GMP, Guidelines, Life Sciences, Regulatory Focus News Letter

Small Entity Compliance Guide (SECG)

February 3, 2020

The Food and Drug Administration today announced the availability of a Small Entity Compliance Guide (SECG) to help packaged food manufacturers meet federal standards in the final rule “ Food Labeling: Revision of the Nutrition and Supplement Facts Labels.” The final rule, which was published on May 27, 2016, amends the labeling regulations for foods and dietary supplements to provide updated nutrition information on the label to help consumers maintain healthy dietary practices.
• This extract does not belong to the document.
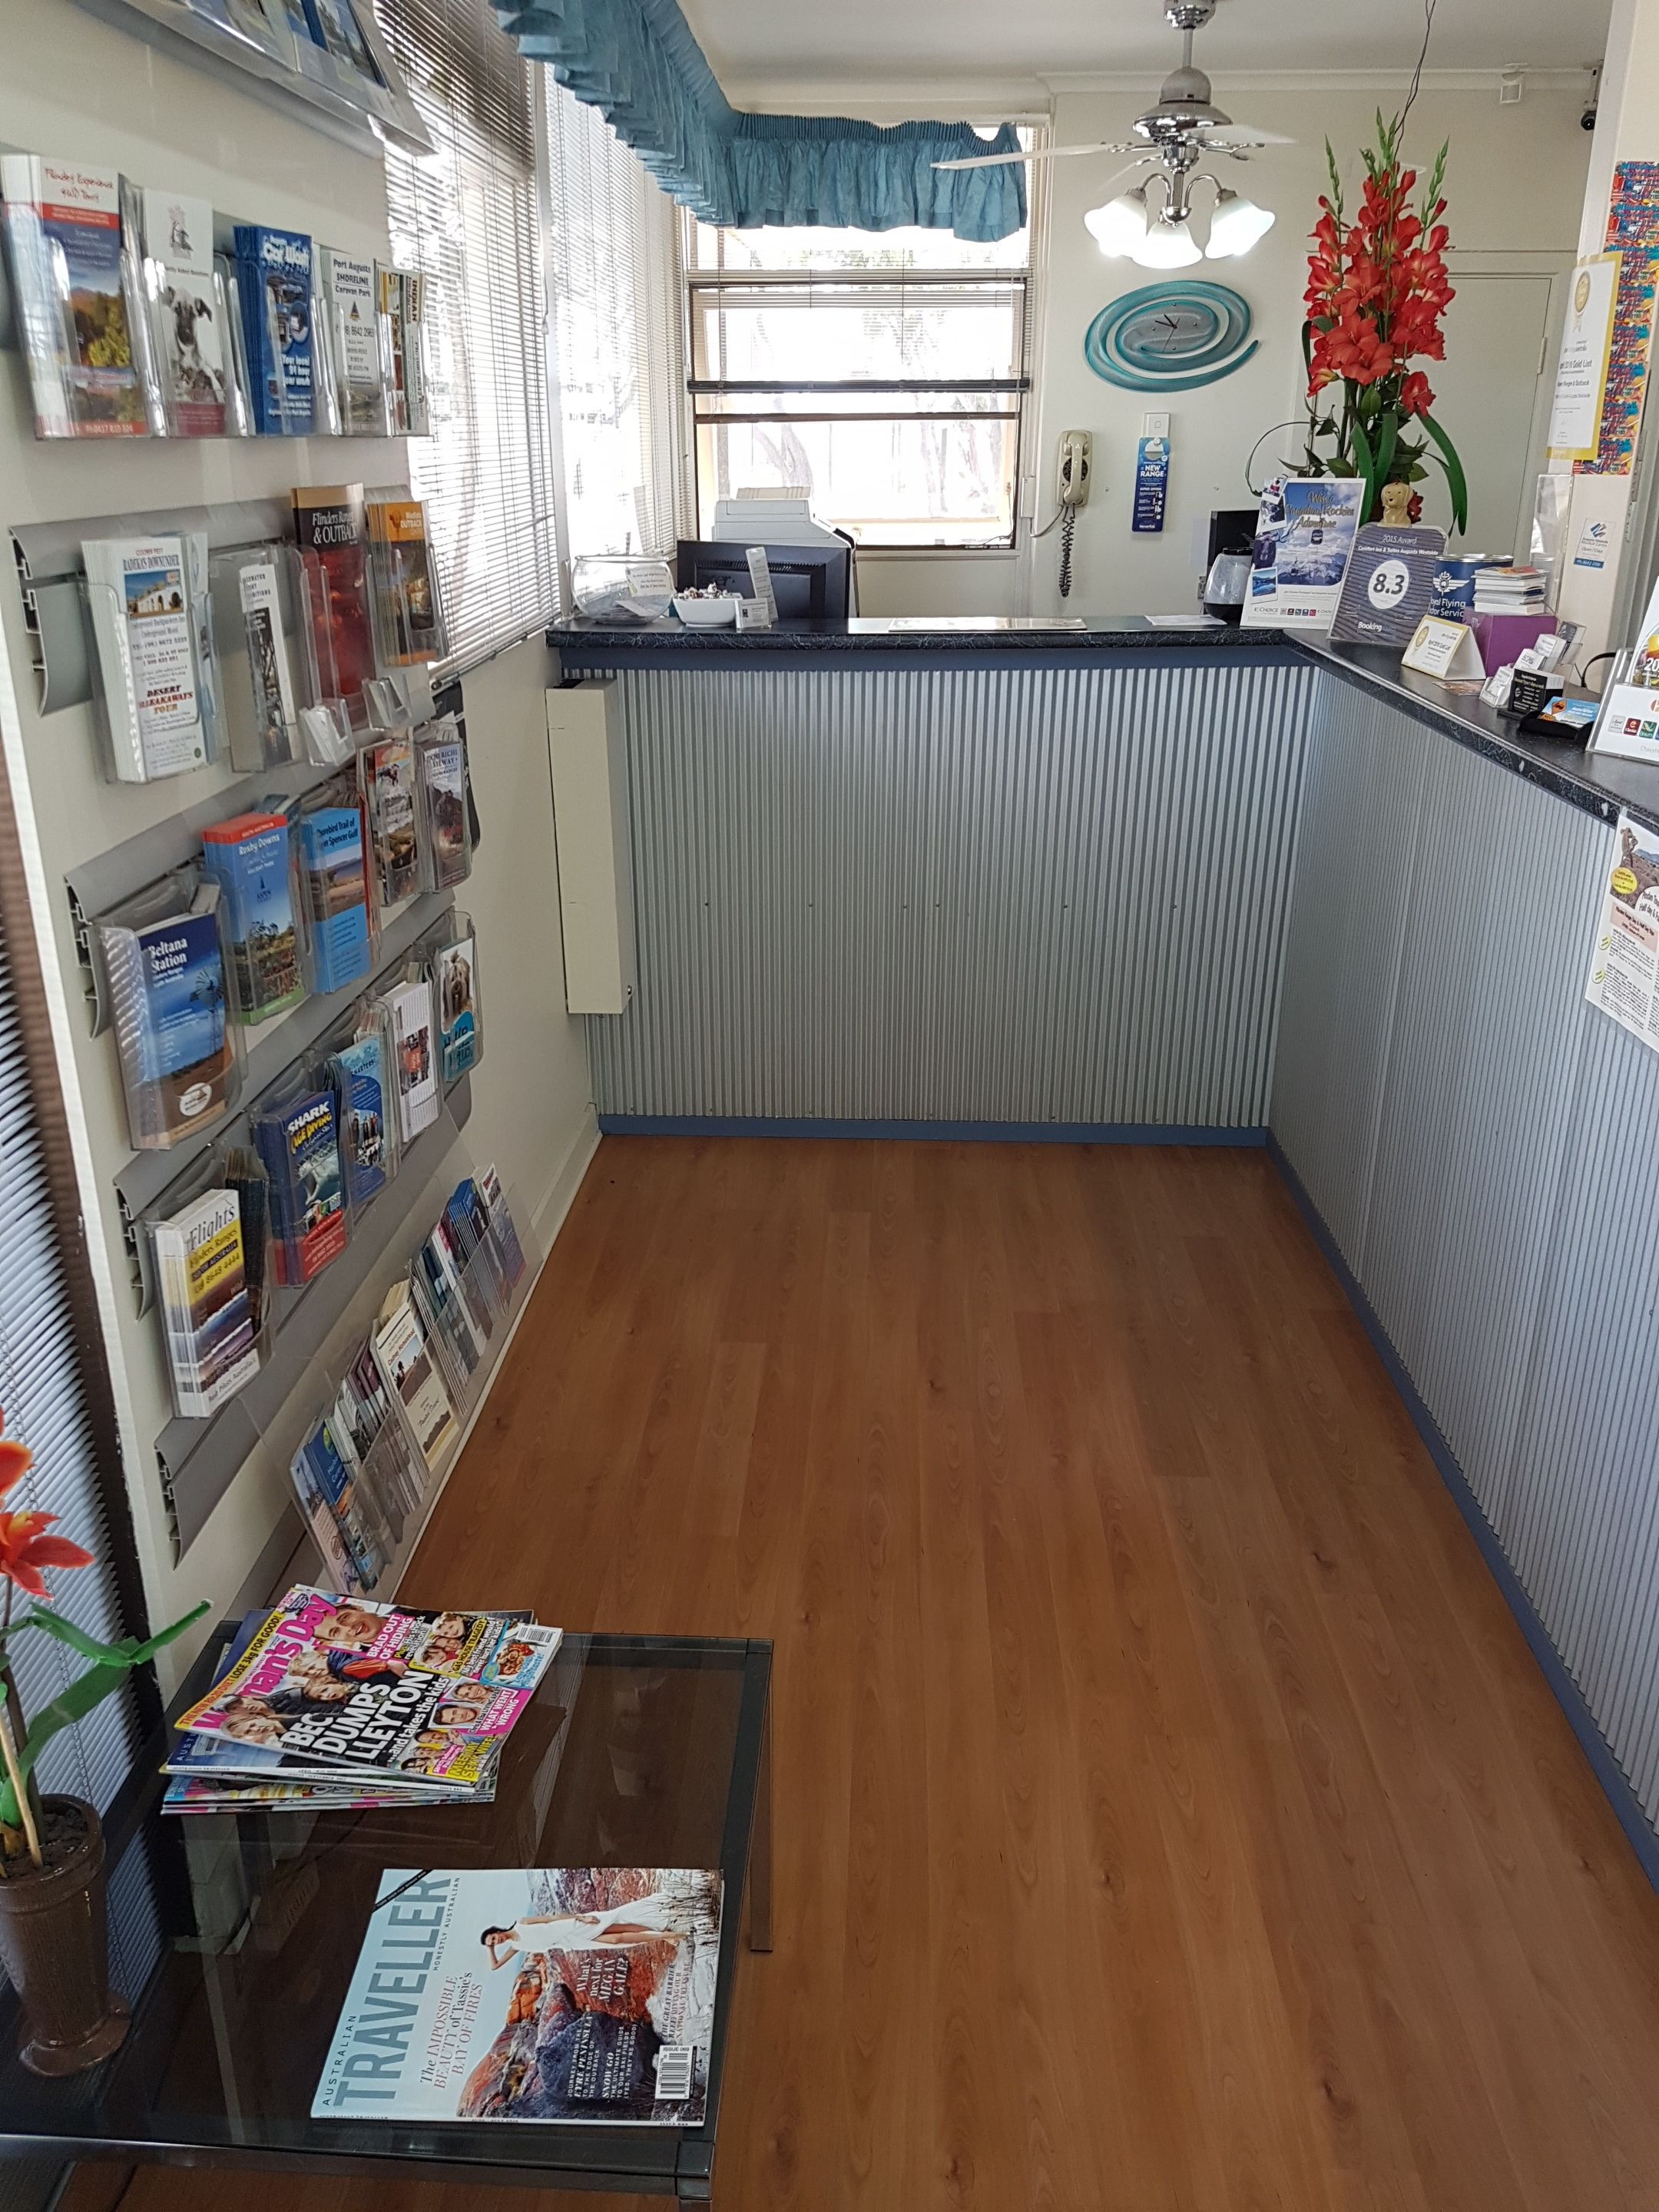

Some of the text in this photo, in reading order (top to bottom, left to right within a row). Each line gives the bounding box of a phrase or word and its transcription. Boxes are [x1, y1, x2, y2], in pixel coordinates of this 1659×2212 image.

The SECG is aimed at small businesses and restates, in plain language and in a question and answer format, the provisions in the final rule. It includes the following sections in addition to references:

Who is subject to the rule?
What foods are covered by the rule?
What foods are not covered by the rule?
Which nutrients must newly be declared, and what changes have been made to nutrients previously required or allowed to be declared?
How do I comply with recordkeeping requirements?
How have the values of nutrients been updated?
How do I comply with the formatting requirements?’
When must I comply with the rule?
Why must I comply with the rule?

Compliance with the updated Nutrition Facts labeling regulations was required by January 1, 2020, for manufacturers with $10 million or more in annual food sales, while manufacturers with less than $10 million in annual food sales will have an additional year to comply. During the first 6 months following the January 1, 2020, compliance date, FDA plans to work cooperatively with manufacturers to meet the new Nutrition Facts label requirements and will not focus on enforcement actions regarding these requirements during that time. FDA intends to exercise enforcement discretion to give manufacturers of single-ingredient sugars such as honey and maple syrup, and certain cranberry products, until July 1, 2021, to comply.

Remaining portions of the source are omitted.